Renê da Silva Nogueira Júnior, de 47 anos, acusado de assassinar o gari Laudemir Fernandes, permanecerá preso por tempo indeterminado. A decisão foi tomada nesta quarta-feira (13) pelo juiz Leonardo Damasceno, durante audiência de custódia em Belo Horizonte, que atendeu ao pedido do Ministério Público de Minas Gerais (MPMG) e converteu a prisão em flagrante em prisão preventiva.
A defesa solicitou a liberdade provisória, argumentando que Renê é réu primário, possui bons antecedentes e endereço fixo. O magistrado, no entanto, entendeu que a manutenção da prisão é necessária. A audiência ocorreu na Central de Audiência de Custódia (CEAC/BH), no bairro Lagoinha, região Noroeste da capital.
Entenda a audiência de custódia
Segundo o Conselho Nacional de Justiça (CNJ), trata-se da apresentação do preso a um juiz em prazo curto, para avaliação da legalidade da prisão, necessidade de sua continuidade ou aplicação de medidas cautelares alternativas, além da apuração de possíveis casos de maus-tratos.
O crime
O homicídio aconteceu na segunda-feira (11), no bairro Vista Alegre, região Oeste de Belo Horizonte.
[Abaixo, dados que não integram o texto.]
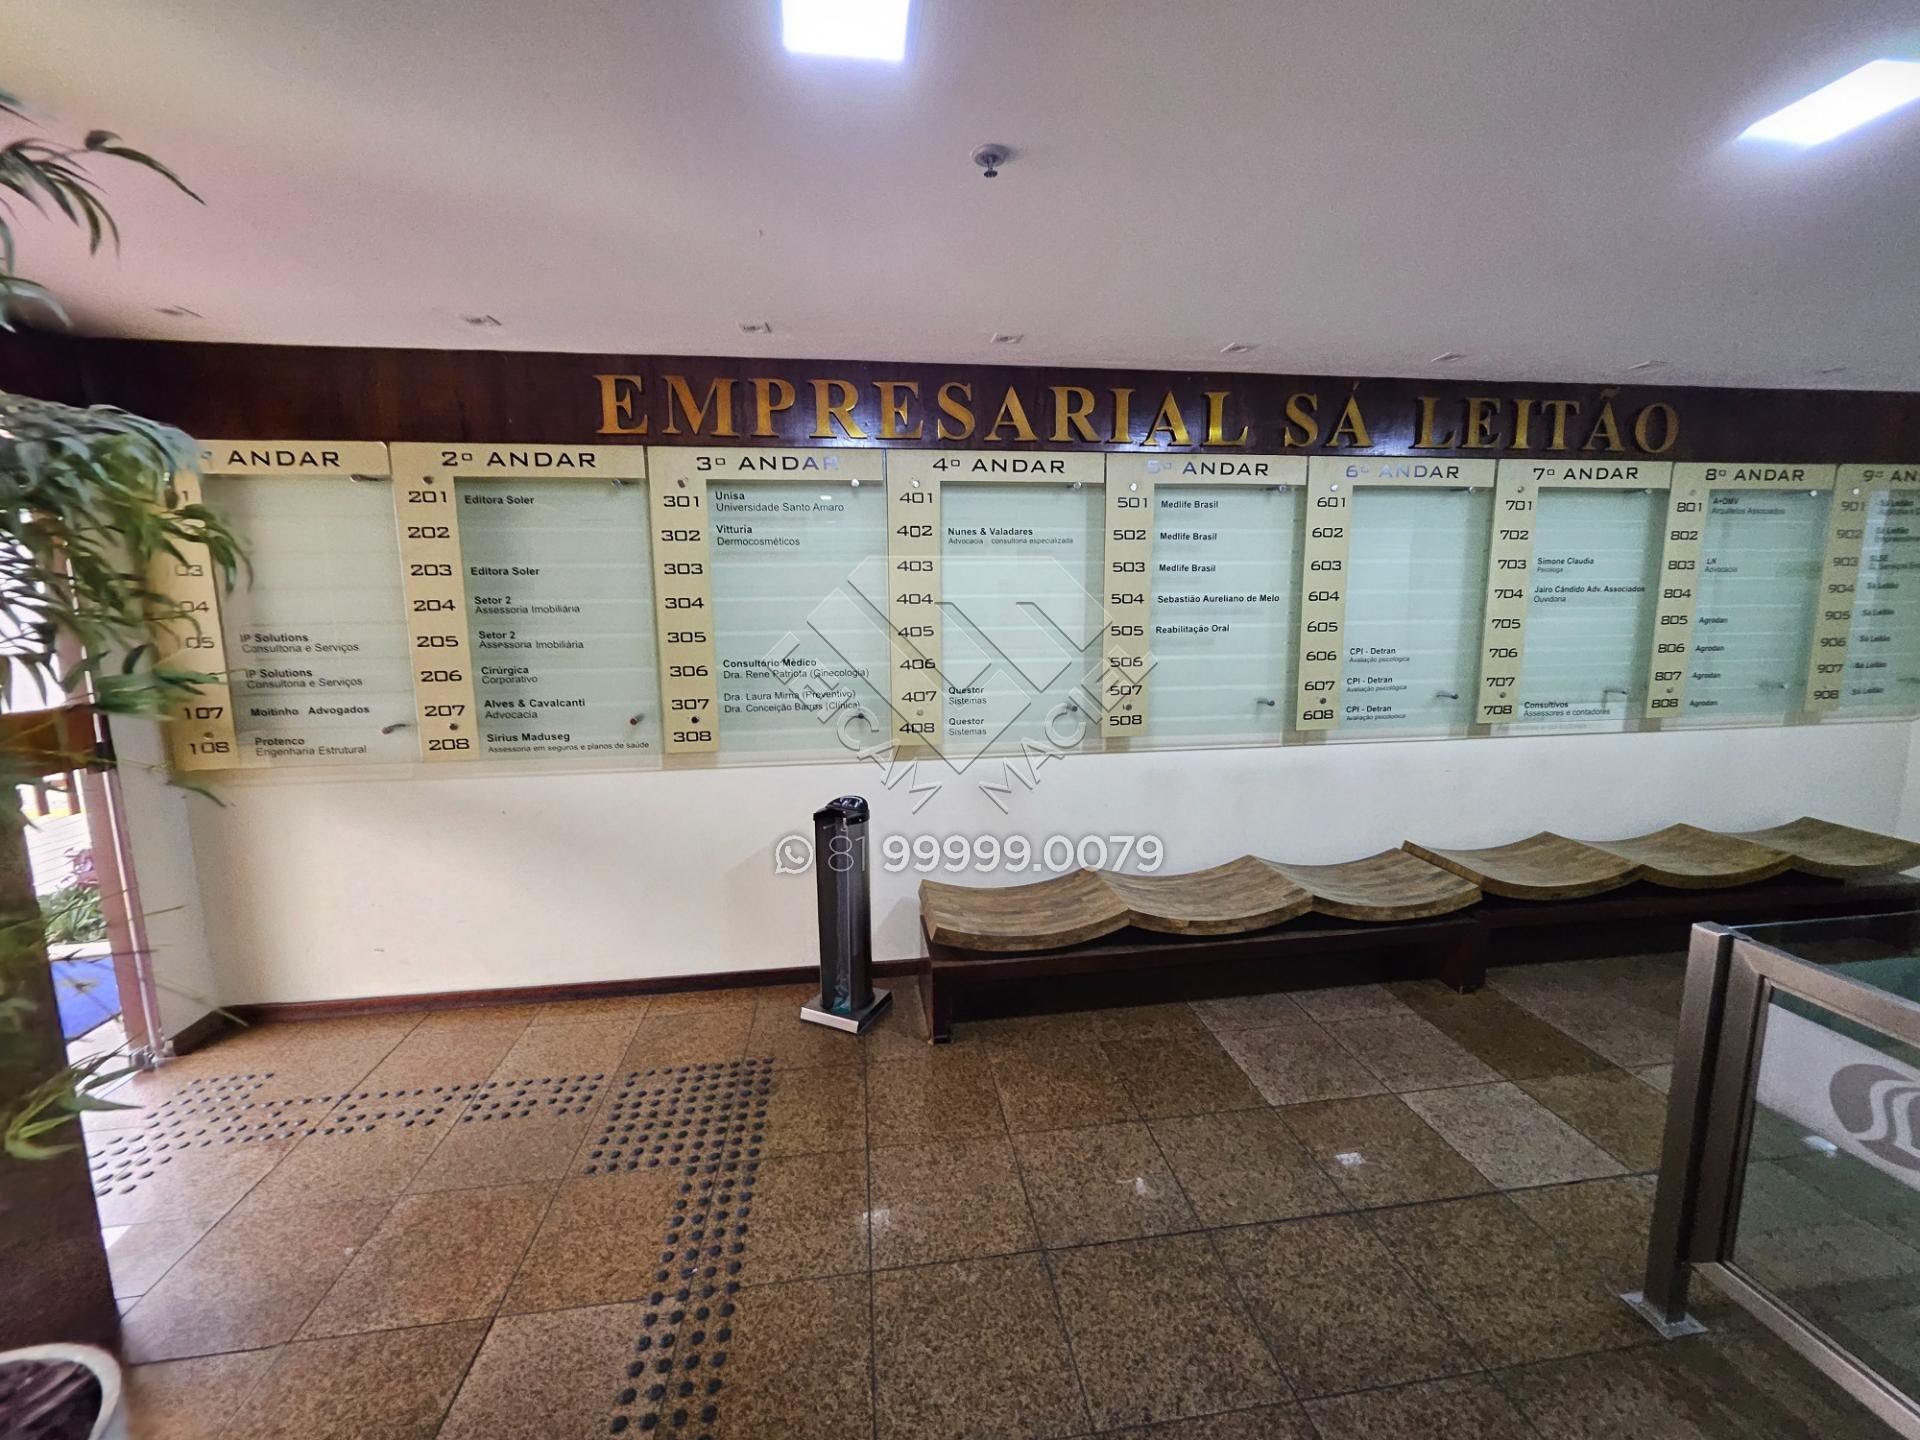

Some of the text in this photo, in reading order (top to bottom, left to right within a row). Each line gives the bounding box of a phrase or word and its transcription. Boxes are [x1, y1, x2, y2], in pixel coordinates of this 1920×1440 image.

[596, 373, 1679, 456] EMPRESARIAL SÁ LEITÃO
[228, 451, 341, 467] ANDAR
[487, 452, 597, 467] ANDAR
[739, 456, 839, 471] ANDAR
[972, 459, 1065, 473] ANDAR
[1182, 461, 1269, 476] ANDAR
[1378, 464, 1460, 478] ANDAR
[1563, 467, 1638, 480] ANDAR
[1735, 469, 1804, 481] ANDAR
[408, 491, 447, 503] 201
[464, 496, 535, 505] Editora Soler
[715, 491, 745, 501] Unisa
[899, 493, 933, 503] 401
[663, 496, 700, 507] 301
[1117, 497, 1147, 508] 501
[1161, 500, 1219, 508] Medlife Brasil
[1317, 497, 1346, 508] 601
[1506, 500, 1532, 511] 701
[716, 502, 844, 512] Universidade Santo Amaro
[1677, 503, 1702, 512] 801
[408, 527, 450, 539] 202
[716, 524, 753, 534] Vitturia
[897, 526, 933, 537] 402
[948, 527, 1033, 536] Nunes & Valadares
[1312, 527, 1343, 538] 602
[662, 530, 700, 541] 302
[1113, 530, 1146, 541] 502
[1160, 532, 1217, 540] Medlife Brasil
[1500, 530, 1528, 540] 702
[1671, 531, 1698, 540] 802
[717, 536, 800, 546] Dermocosméticos
[1311, 560, 1342, 571] 603
[1498, 559, 1526, 569] 703
[1537, 557, 1594, 565] Simone Claudia
[1668, 560, 1695, 570] 803
[410, 565, 452, 576] 203
[471, 567, 540, 576] Editora Soler
[664, 563, 703, 574] 303
[897, 561, 933, 572] 403
[1113, 561, 1145, 573] 503
[1159, 564, 1216, 572] Medlife Brasil
[1495, 589, 1523, 599] 704
[1534, 585, 1645, 593] Jairo Cândido Adv. Associados
[1664, 589, 1691, 598] 804
[474, 596, 512, 605] Setor 2
[897, 594, 933, 604] 404
[1111, 593, 1144, 604] 504
[1157, 594, 1280, 603] Sebastião Aureliano de Melo
[1308, 591, 1339, 601] 604
[413, 600, 456, 612] 204
[665, 598, 704, 609] 304
[475, 605, 528, 614] Assessoria
[1661, 616, 1688, 625] 805
[1825, 611, 1851, 620] 905
[1156, 624, 1229, 634] Reabilitação Oral
[1307, 622, 1338, 632] 605
[1492, 619, 1521, 629] 705
[479, 631, 516, 639] Setor 2
[898, 626, 934, 637] 405
[1111, 625, 1144, 636] 505
[417, 636, 459, 648] 205
[667, 632, 706, 642] 305
[1821, 637, 1846, 647] 906
[479, 640, 532, 649] Assessoria
[1658, 644, 1685, 653] 806
[1306, 651, 1337, 661] 606
[1489, 648, 1517, 658] 706
[900, 658, 936, 670] 406
[1110, 656, 1143, 667] 506
[481, 666, 529, 676] Cirúrgica
[670, 666, 708, 677] 306
[723, 670, 742, 678] Dra.
[746, 670, 770, 678] Rene
[810, 668, 869, 679] (Ginecologia)
[1818, 664, 1843, 673] 907
[420, 671, 462, 682] 206
[482, 675, 538, 685] Corporativo
[1655, 672, 1681, 681] 807
[1304, 680, 1335, 691] 607
[1486, 677, 1515, 687] 707
[724, 693, 743, 701] Dra.
[746, 691, 772, 701] Laura
[802, 689, 856, 700] (Preventivo)
[948, 686, 984, 696] Questor
[1110, 685, 1143, 696] 507
[1814, 690, 1839, 700] 908
[902, 691, 937, 702] 407
[948, 696, 987, 705] Sistemas
[485, 698, 585, 708] Alves & Cavalcanti
[671, 699, 709, 710] 307
[1652, 699, 1678, 708] 808
[184, 707, 223, 719] 107
[250, 706, 370, 716] Moitinho Advogados
[424, 705, 465, 717] 207
[485, 710, 538, 719] Advocacia
[1303, 710, 1334, 720] 608
[1484, 705, 1512, 715] 708
[948, 717, 984, 727] Questor
[1110, 715, 1142, 726] 508
[899, 723, 935, 733] 408
[948, 727, 987, 736] Sistemas
[487, 732, 570, 742] Sirius Maduseg
[673, 731, 711, 742] 308
[190, 742, 230, 754] 108
[429, 738, 470, 750] 208
[255, 745, 367, 758] Engenharia Estrutural
Testemunhas relataram que o crime começou quando Renê se irritou porque um caminhão de lixo, em serviço, ocupava parte da rua, dificultando sua passagem.
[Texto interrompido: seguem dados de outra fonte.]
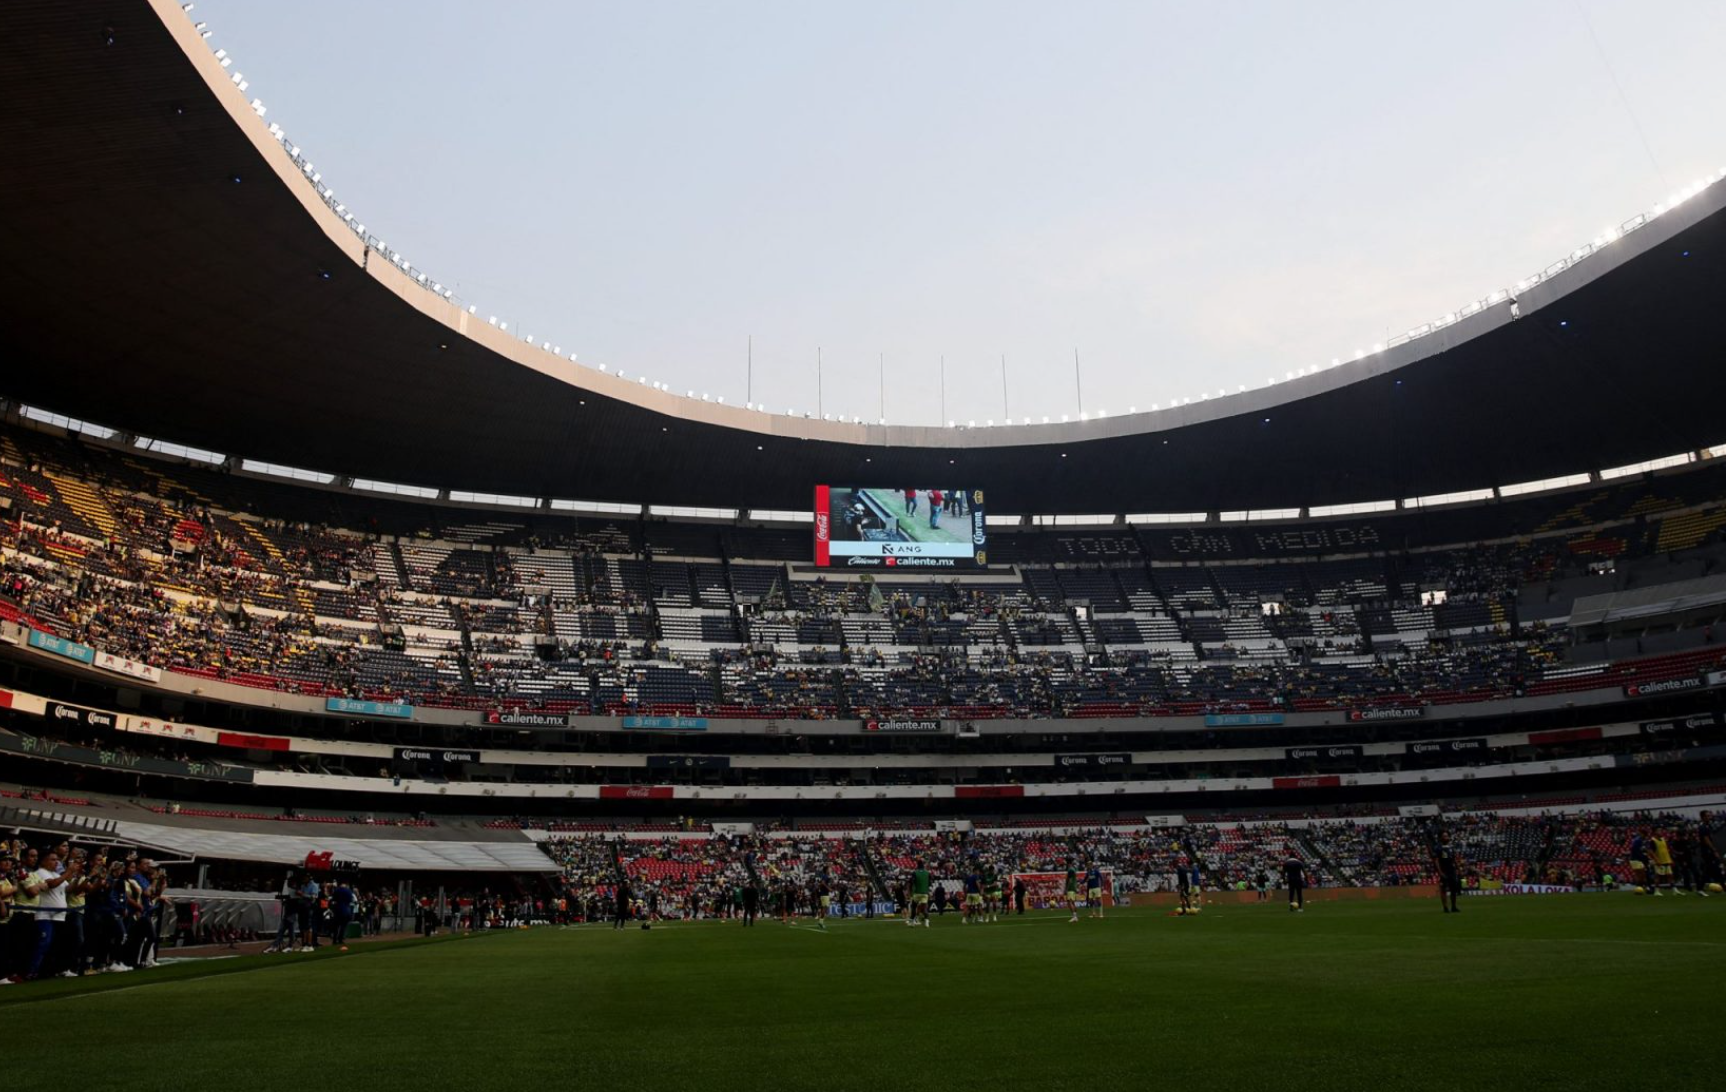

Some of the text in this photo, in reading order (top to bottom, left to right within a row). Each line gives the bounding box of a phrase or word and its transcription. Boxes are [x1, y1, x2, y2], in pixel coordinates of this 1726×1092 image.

[974, 511, 986, 545] Corona
[1057, 537, 1141, 554] TODO
[1255, 526, 1379, 550] MEDIDA
[898, 545, 922, 553] ANG
[896, 557, 955, 567] caliente.mx
[1638, 678, 1701, 694] caliente.mx
[54, 705, 111, 726] Corona Corona
[500, 713, 564, 726] caliente.mx
[1361, 707, 1421, 719] caliente.mx
[878, 720, 937, 731] caliente.mx
[1646, 721, 1674, 734] Corona
[1291, 747, 1354, 758] Corona Corona
[1413, 740, 1479, 753] Corona Corona
[402, 749, 471, 762] Corona Corona
[1061, 755, 1124, 765] Corona Corona
De acordo com Ivanildo Lopes, sócio-proprietário da empresa de limpeza urbana, a motorista do caminhão encostou o veículo para liberar espaço, mas o suspeito teria sacado um revólver, apontado para o rosto dela e ameaçado matar todos caso houvesse qualquer dano ao seu carro.
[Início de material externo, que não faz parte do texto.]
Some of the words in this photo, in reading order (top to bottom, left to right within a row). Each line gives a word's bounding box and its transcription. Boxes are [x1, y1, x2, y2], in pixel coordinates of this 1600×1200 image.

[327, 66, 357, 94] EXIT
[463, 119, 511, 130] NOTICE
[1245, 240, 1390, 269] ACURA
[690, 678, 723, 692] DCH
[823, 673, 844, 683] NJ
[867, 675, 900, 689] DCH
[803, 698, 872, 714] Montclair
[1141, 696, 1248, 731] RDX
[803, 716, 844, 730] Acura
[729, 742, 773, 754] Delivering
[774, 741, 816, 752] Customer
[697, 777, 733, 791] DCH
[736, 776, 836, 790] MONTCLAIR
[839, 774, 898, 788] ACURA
Mesmo após os garis pedirem calma, Renê teria descido do veículo e atirado no abdômen de Laudemir, que tentava acalmar a situação. A vítima foi socorrida, mas não resistiu aos ferimentos. A empresa colocou seus advogados à disposição da família e reforçou que não houve briga de trânsito, ressaltando que a motorista é conhecida e respeitada na comunidade.